4. TO RECLASSIFY CERTAIN FUNDAMENTAL POLICIES AS NON-FUNDAMENTAL POLICIES.
[  ] FOR
[  ] AGAINST
[  ] ABSTAIN

- ----------------------------------------------------------------------------
To change the address on your account, please check the box at right and
indicate your new address in the address space above.
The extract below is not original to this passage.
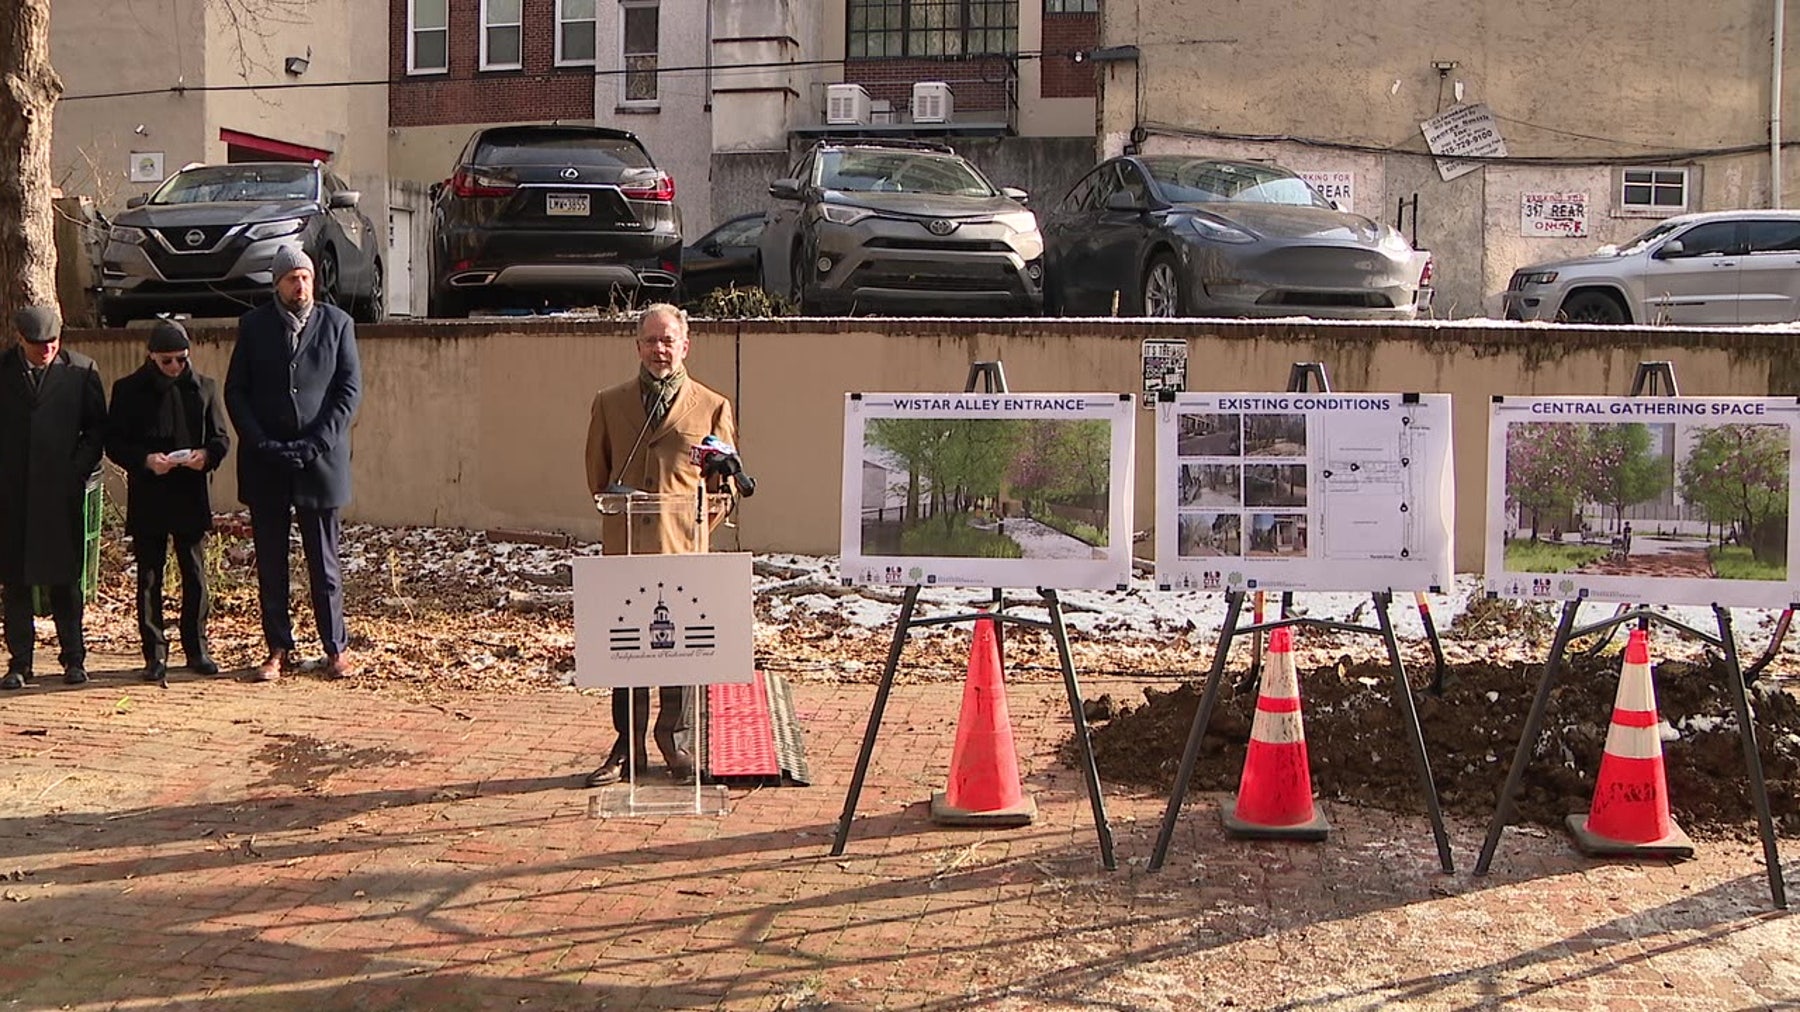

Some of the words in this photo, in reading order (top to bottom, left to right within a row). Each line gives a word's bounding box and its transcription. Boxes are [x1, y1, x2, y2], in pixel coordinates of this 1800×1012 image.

Please note that changes
to the registered name(s) on the account may not be submitted via this
method.  [  ]
- ----------------------------------------------------------------------------

     THIS PROXY CARD WHEN PROPERLY EXECUTED WILL BE VOTED IN THE MANNER DIRECTED
HEREIN BY THE UNDERSIGNED SHAREHOLDER, AND, IN THE DISCRETION OF SUCH PROXIES,
UPON ANY AND ALL OTHER BUSINESS AS MAY PROPERLY COME BEFORE THE MEETING OR ANY
ADJOURNMENT THEREOF. IF NO DIRECTION IS MADE, THIS PROXY CARD WILL BE VOTED FOR
THE ELECTION OF THE NOMINEES AS TRUSTEES FOR THE FUND AND FOR THE OTHER
PROPOSALS LISTED ON THIS PROXY CARD.

         PLEASE MARK, SIGN, DATE AND RETURN THIS PROXY CARD PROMPTLY USING THE
ENCLOSED ENVELOPE.

Signature of Shareholder:                              Date:
                           --------------------------           ---------------
Signature of Shareholder:                              Date:
                           --------------------------           ---------------

NOTE:    PLEASE SIGN EXACTLY AS YOUR NAME APPEARS. WHEN SHARES ARE HELD BY JOINT
         TENANTS, EACH JOINT TENANT MUST SIGN. When signing as attorney,
         executor, administrator, trustee, guardian or custodian, please sign
         full title as such. If a corporation, please sign full corporate name
         by authorized officer and indicate the signer's office. If a
         partnership, please sign in partnership name.